L’incendiaire de Sherbrooke

 
 

1. L’incendie


L’incendie du commerce faisait rage. Les flammes atteignaient maintenant le toit de l’édifice. La chaleur devenait plus intense à mesure que les flammes perçaient la fumée. « Recule-toi Léo ! », hurla le policier à l’intention d’un des nombreux curieux qui étaient venus admirer le spectacle au milieu de la nuit. Léo recula d’un pas ; la chaleur intense ne semblait pas l’incommoder. Le policier vint vers lui, Léo ne le regarda pas, il semblait hypnotisé par le feu. C’est à peine s’il jeta un regard vers l’homme en uniforme quand il le poussa doucement hors de la zone de danger.

– C’est qui cet énergumène ? demanda l’un des pompiers.

– C’est Léo, répondit le policier, tu ne le connais pas ?

– Je suis nouveau ici, est-ce que je devrais le connaître ?

– Tout le monde connaît Léo, en faisant un grand geste du bras pour englober l’attroupement.

– Il n’a pas l’air bien brillant, appuyant son affirmation d’un index tournoyant près de sa tempe.

– Ouais, comme on dit : pas assez fou pour mettre le feu mais pas assez fin pour l’éteindre, ajouta le policier en riant. Il est un peu spécial mais il n’est pas dangereux. Il faut seulement l’avoir à l’œil pour ne pas qu’il soit blessé.

Le pompier l’observa un moment. Selon son estimation, Léo devait avoir près de cinquante ans et mesurer un mètre quatre-vingt-dix (six pieds trois pouces). Sa carrure athlétique et ses larges mains ne semblaient pas appartenir à son visage d’enfant qui était pour l’instant illuminé par les lueurs de l’incendie et par la fascination qu’il exerçait sur lui. Les yeux exorbités, il ne souriait pas. « Dommage, se dit-il, cet homme possède le gabarit pour être un bon pompier volontaire ». Il remarqua que Léo s’approchait encore. Mais le policier l’avait vu lui aussi. Il vint se placer devant Léo qui aussitôt baissa le regard.

– Léo, tu sais que tu dois être gentil. J’ai beaucoup de travail, je ne veux pas avoir à te surveiller tout le temps.

Léo ne répondit pas. Il regarda alentour, jamais son regard ne croisa celui du policier. Il l’ignora totalement mais recula lentement à mesure que le policier s’avançait sur lui. Il ne bougea plus. Il passa la nuit à cet endroit et occupa son poste tant qu’il y eut une lueur de flamme. Quand le jour se leva, le feu était sous contrôle, le spectacle était terminé, Léo rentra chez lui.

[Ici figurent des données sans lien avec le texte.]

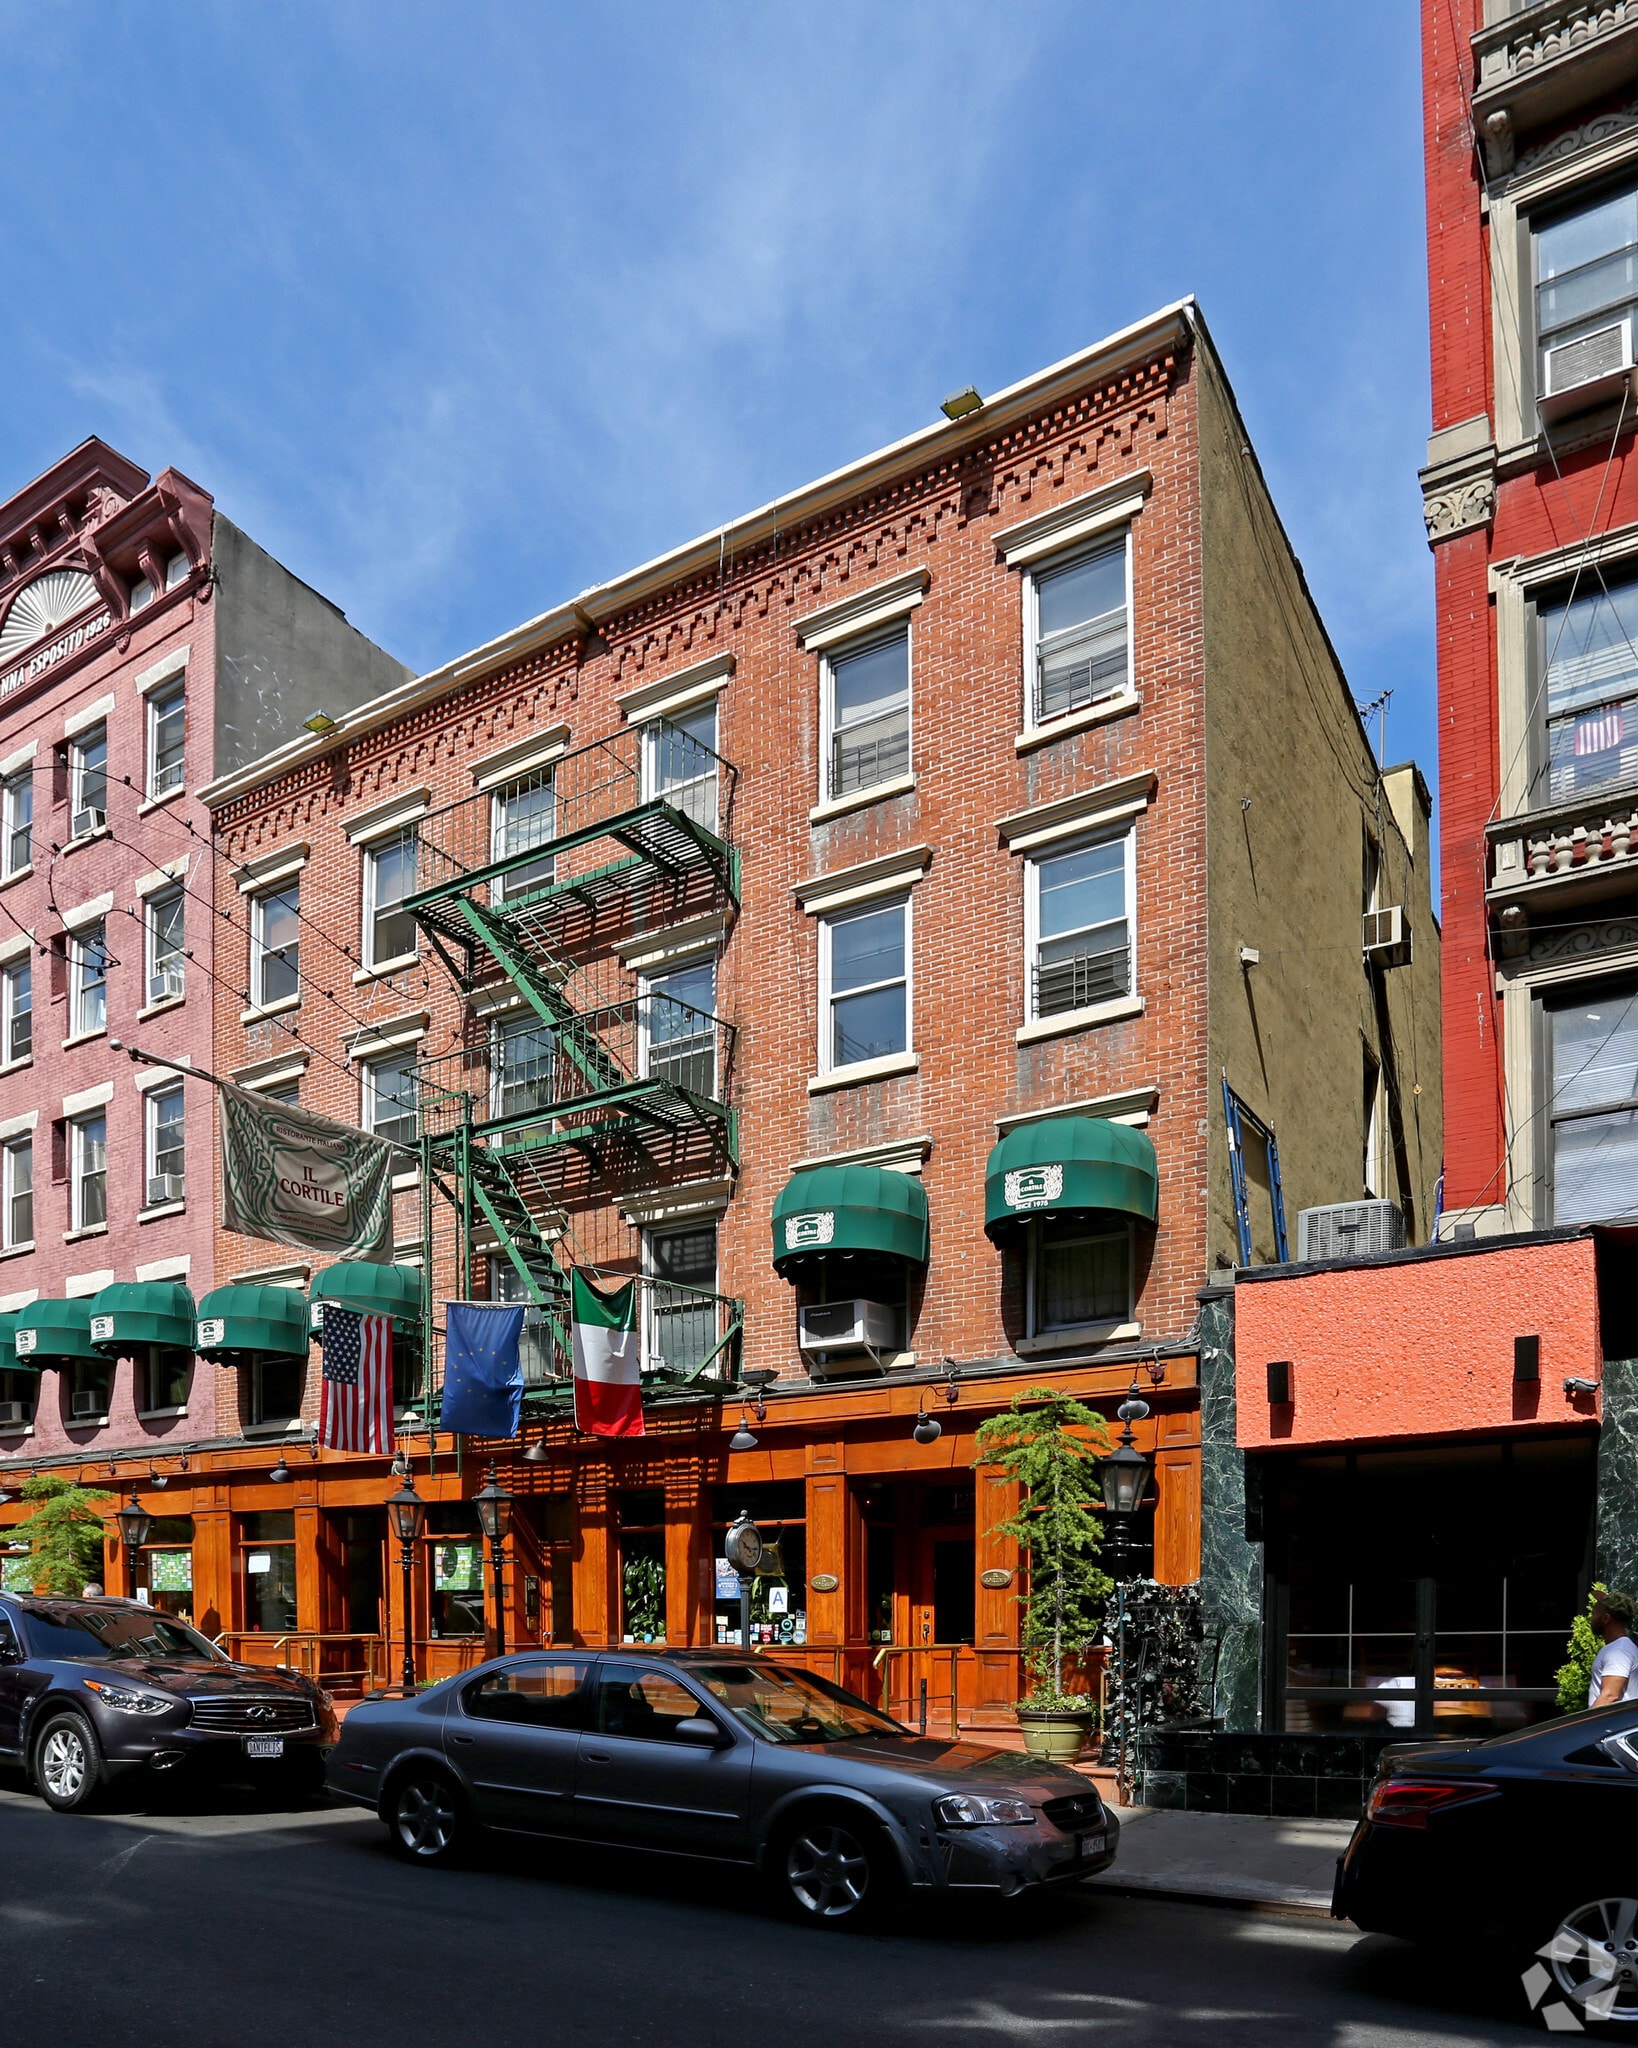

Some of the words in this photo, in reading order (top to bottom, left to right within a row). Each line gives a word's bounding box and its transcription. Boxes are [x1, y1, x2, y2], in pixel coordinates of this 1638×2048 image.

[30, 628, 84, 679] ESPOSITO
[86, 611, 111, 639] 1926
[276, 1126, 316, 1143] RISTORANTE
[316, 1138, 346, 1152] ITALIANO
[303, 1166, 318, 1183] IL
[280, 1178, 345, 1207] CORTILE
[1020, 1183, 1043, 1192] CORTILE
[1015, 1202, 1032, 1210] SINCE
[1033, 1200, 1049, 1208] 1975
[772, 1590, 784, 1606] A
[249, 1742, 281, 1753] DANIELIS

Après avoir préparé et avalé son petit déjeuner, il nourrit ses poissons rouges. Il prenait soin méthodiquement de ses poissons rouges et ceux-ci continuaient de grossir. L’aquarium serait bientôt trop petit pour eux. Il se dit : « Je règlerai ce problème en temps et lieu ». Pour Léo ce serait un gros défi car Léo ne parle à personne, même pas au commis de l’animalerie quand il va acheter la nourriture pour ses poissons. Comment va-t-il s’y prendre pour commander un nouvel aquarium ? Où va-t-il le mettre ? La demeure de ses poissons occupait déjà toute la surface du meuble dédié à cette fonction. « Une place pour chaque chose et chaque chose à sa place », se dit-il. La vie de Léo était très organisée, immuable, sauf quand il y avait un incendie !

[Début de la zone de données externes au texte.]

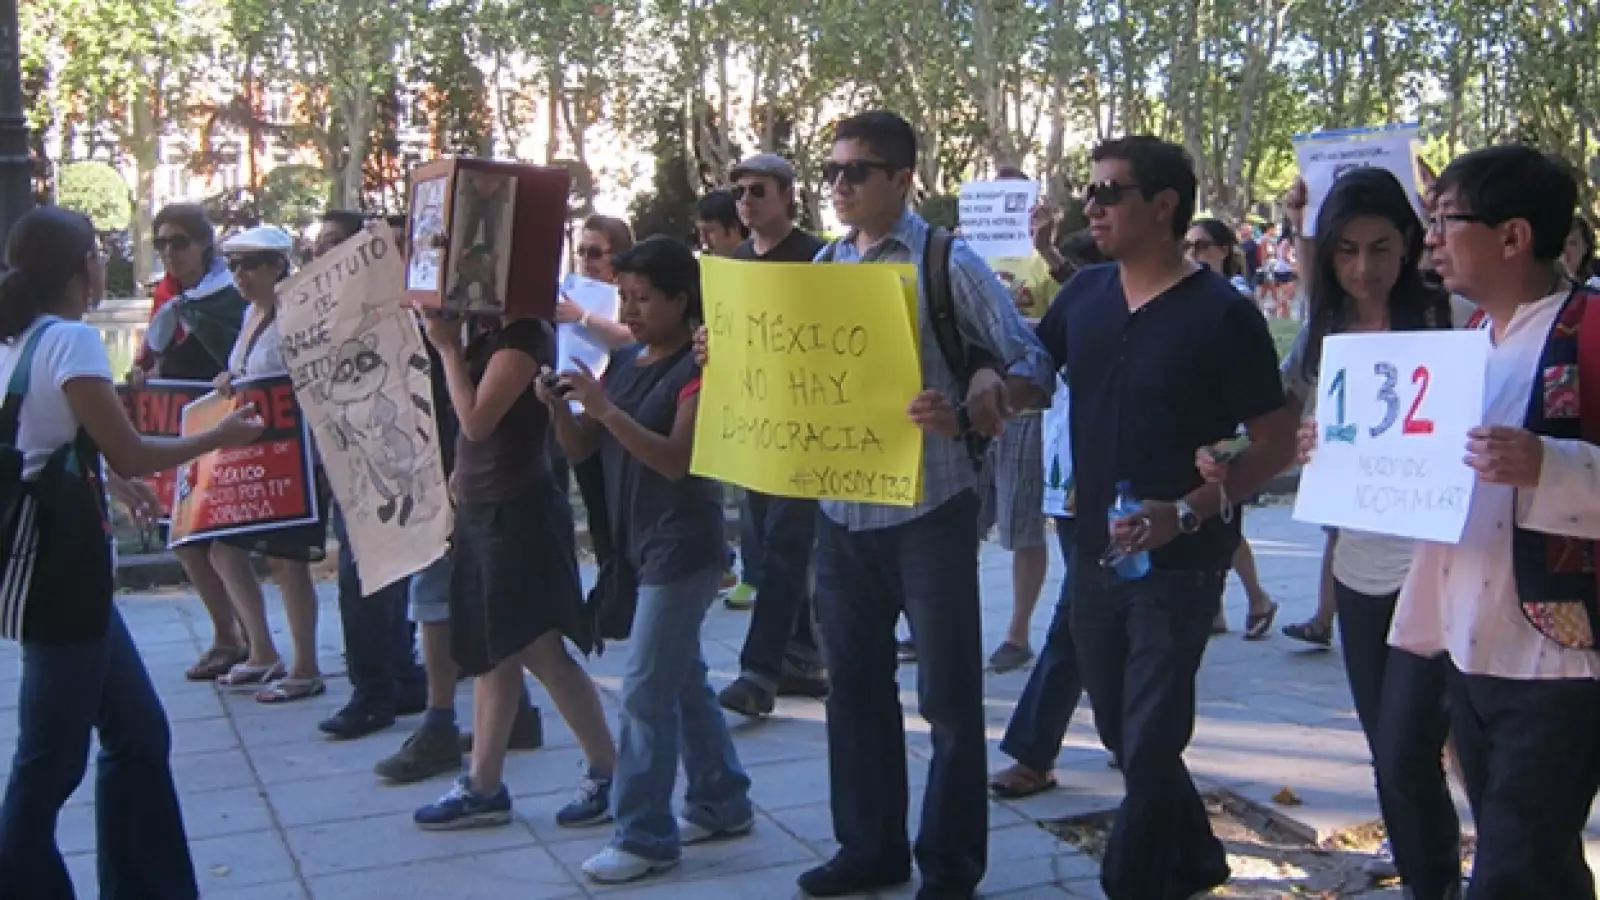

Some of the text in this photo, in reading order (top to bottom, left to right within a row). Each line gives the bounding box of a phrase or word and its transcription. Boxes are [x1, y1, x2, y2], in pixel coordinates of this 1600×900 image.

[739, 367, 851, 406] NO HAY
[1325, 361, 1434, 444] 132

Il regarda sa montre et constata qu’il avait le temps de faire sa première tournée des mégots. Il ramassa sa casquette (il la portait en toute saison) et se dirigea vers sa première station. Léo avait constaté depuis longtemps que chaque commerce du centre-ville de Sherbrooke avait réservé un coin à l’extérieur, généralement à l’arrière, pour les employés qui voulaient griller une cigarette durant leur pose. Pour éviter l’accumulation, ils avaient placé un récipient destiné à recueillir les mégots. Parfois, Léo y trouvait une cigarette à demi consumée qui rougeoyait encore. Il s’en emparait et la terminait avec satisfaction. Il savait qu’il pourrait en acheter, l’argent n’étant pas un problème pour lui, mais il faudrait le demander au commis. Il se disait souvent qu’il irait un jour mais se souvenait aussitôt que sa maman lui avait déconseillé de fumer. « C’est pas bon pour ta santé » disait-elle. Alors Léo fumait à l’extérieur, en cachette, des mégots ramassés derrière les commerces du centre-ville.

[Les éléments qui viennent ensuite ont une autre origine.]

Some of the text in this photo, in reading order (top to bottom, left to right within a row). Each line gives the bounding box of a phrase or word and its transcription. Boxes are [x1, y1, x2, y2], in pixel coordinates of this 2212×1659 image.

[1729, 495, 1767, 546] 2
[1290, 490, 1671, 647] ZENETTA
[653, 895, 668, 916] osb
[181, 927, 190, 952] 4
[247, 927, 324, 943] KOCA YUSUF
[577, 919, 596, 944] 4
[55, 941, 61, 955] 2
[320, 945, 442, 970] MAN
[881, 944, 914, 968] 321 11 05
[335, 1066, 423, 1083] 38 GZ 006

La récolte de Léo ne fut pas bonne : aucun mégot utilisable dans les cendriers qu’il avait visité. De plus, l’incendie de la nuit dernière avait rendu inaccessible quelques-uns de ses meilleurs points de collecte. Il observa de loin les gens en uniforme qui s’affairaient derrière les rubans jaunes délimitant le périmètre de sécurité. Il se dit qu’ils ne trouveraient rien, eux non plus, et reprit le chemin qui mène à son appartement.

Il croisa la Dame au chapeau, c’est ainsi qu’il l’avait baptisée. Elle aussi observait les uniformes, juste à l’extérieur de l’espace interdit. Il se dit « Elle aussi a perdu un point de collecte, du moins pour le moment ». Léo la connaissait depuis longtemps, des années. Il ne lui avait jamais parlé. Mais il savait qu’elle faisait la tournée des conteneurs à déchets ou à recyclage. Elle remplissait son petit chariot de broche avec toutes sortes d’objets trouvés dans ces conteneurs : elle recyclait. Léo croyait qu’elle en vendait une partie à un commerce d’objets usagés, il ne savait pas ce qu’elle faisait avec ce qui lui restait. De toute façon, ce n’était pas important. « Chacun ses affaires ! », se dit-il.

 

Normand Jubinville

Le centre-ville de Sherbrooke est victime d’une série d’incendies criminels. Lorsqu’une personne y perd la vie, l’équipe de l’inspecteur Boileau est chargé de l’enquête.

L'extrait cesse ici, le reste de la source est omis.